Aprender a controlar nuestros impulsos financieros es clave para manejar sabiamente los recursos que Dios nos ha dado. Por ejemplo, antes de comprar algo que deseas, tómate un momento para pensar: ¿Realmente necesito esto o es solo un deseo momentáneo?
Pregúntate también si esa compra te ayudará a honrar a Dios y ser un buen administrador de lo que Él te ha dado. Practicar este tipo de reflexión antes de gastar te ayudará a evitar arrepentimientos futuros y a tomar decisiones más sabias.
Cuando desarrollamos el hábito de controlar nuestros impulsos, no solo ahorramos dinero, sino que también crecemos en carácter y madurez espiritual.
Nos volvemos más fieles en cómo administramos lo que Dios nos confía, mostrando que valoramos Su provisión y que estamos comprometidos a usar nuestros recursos de manera responsable.
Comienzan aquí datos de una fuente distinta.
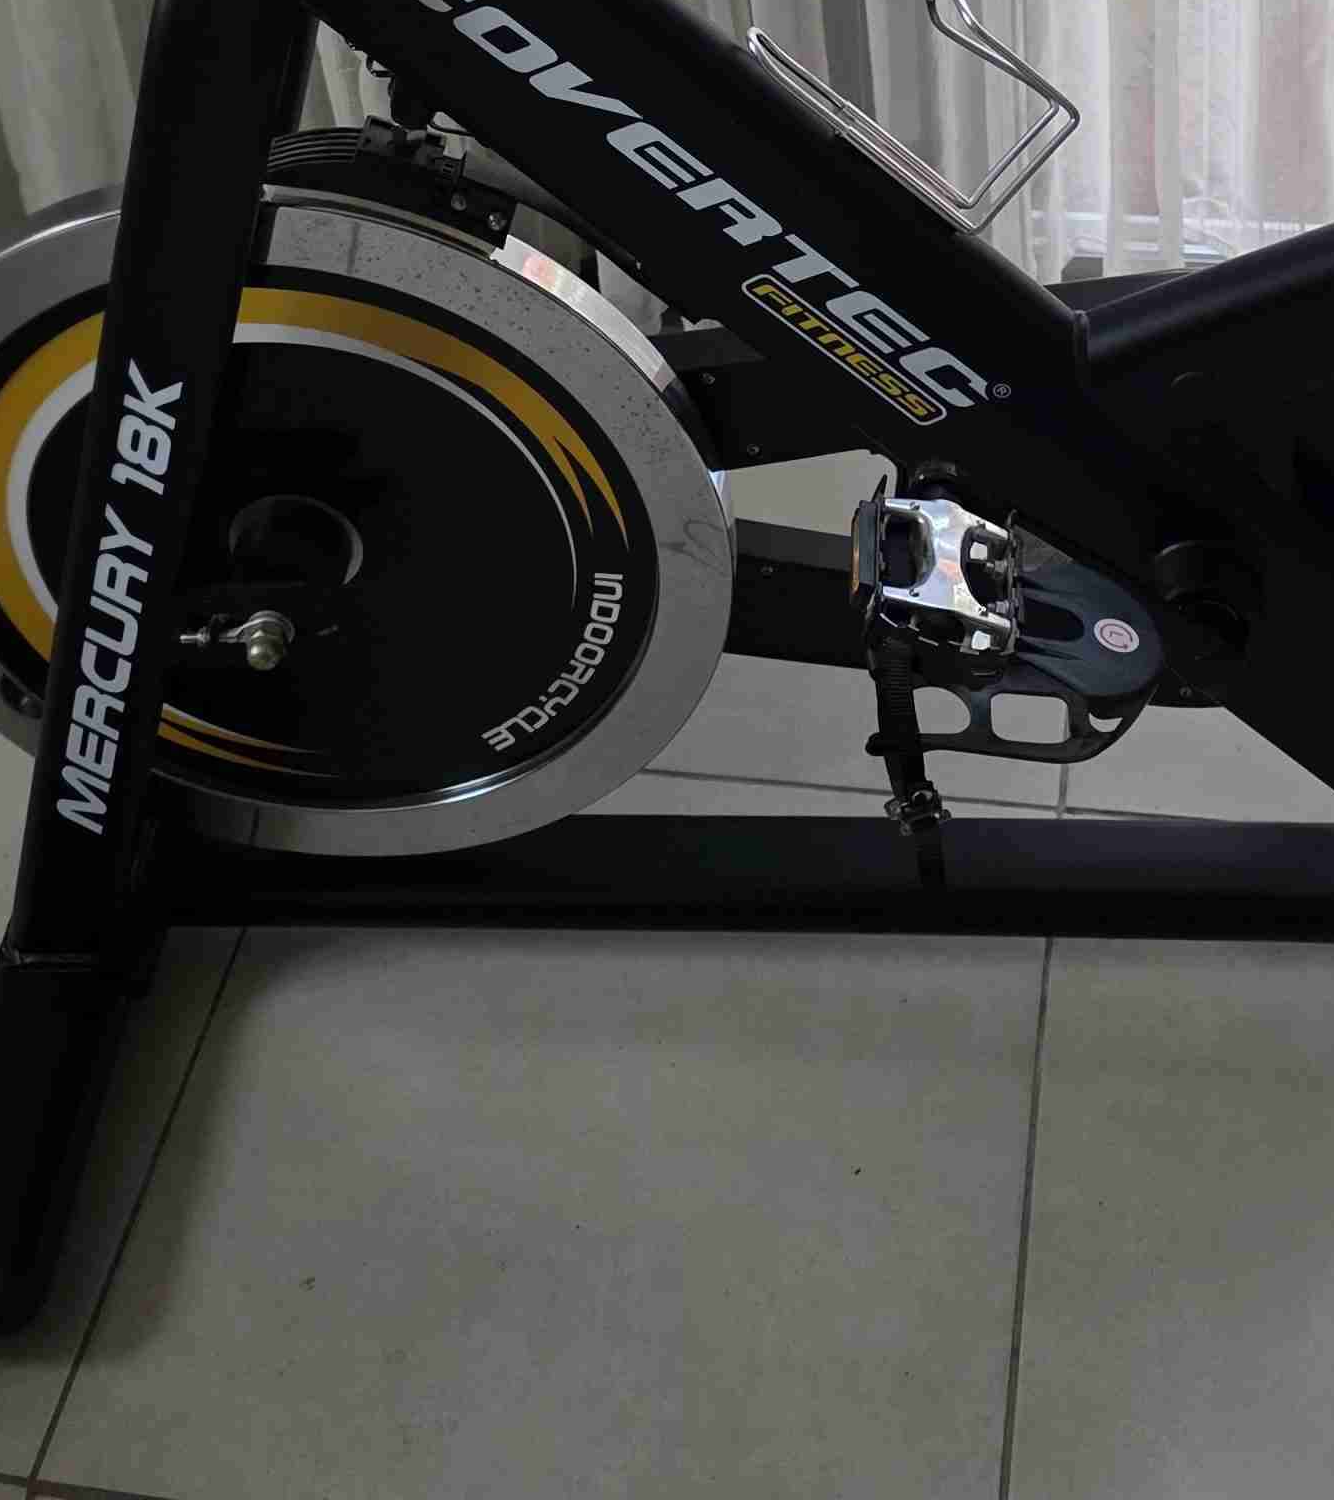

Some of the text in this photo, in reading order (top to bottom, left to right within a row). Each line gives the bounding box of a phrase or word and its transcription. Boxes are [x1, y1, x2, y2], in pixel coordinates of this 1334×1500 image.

[752, 284, 935, 416] FITNESS
[56, 358, 184, 835] MERCURY 18K
Controlar los impulsos financieros también nos ayuda a enfocarnos en lo que verdaderamente importa en la vida, como nuestras relaciones con los demás y nuestra comunión con Dios.
También le interesaría:
Si nos dejamos llevar por el deseo de gastar sin pensar, podemos perder de vista las prioridades que Dios nos ha dado.
Al practicar el autocontrol, estamos mostrando que no dependemos de las cosas materiales para nuestra felicidad, sino que confiamos en Dios para proveer todo lo que realmente necesitamos.
Así, honramos a Dios no solo con nuestras palabras, sino también con nuestras acciones y decisiones diarias en el manejo del dinero.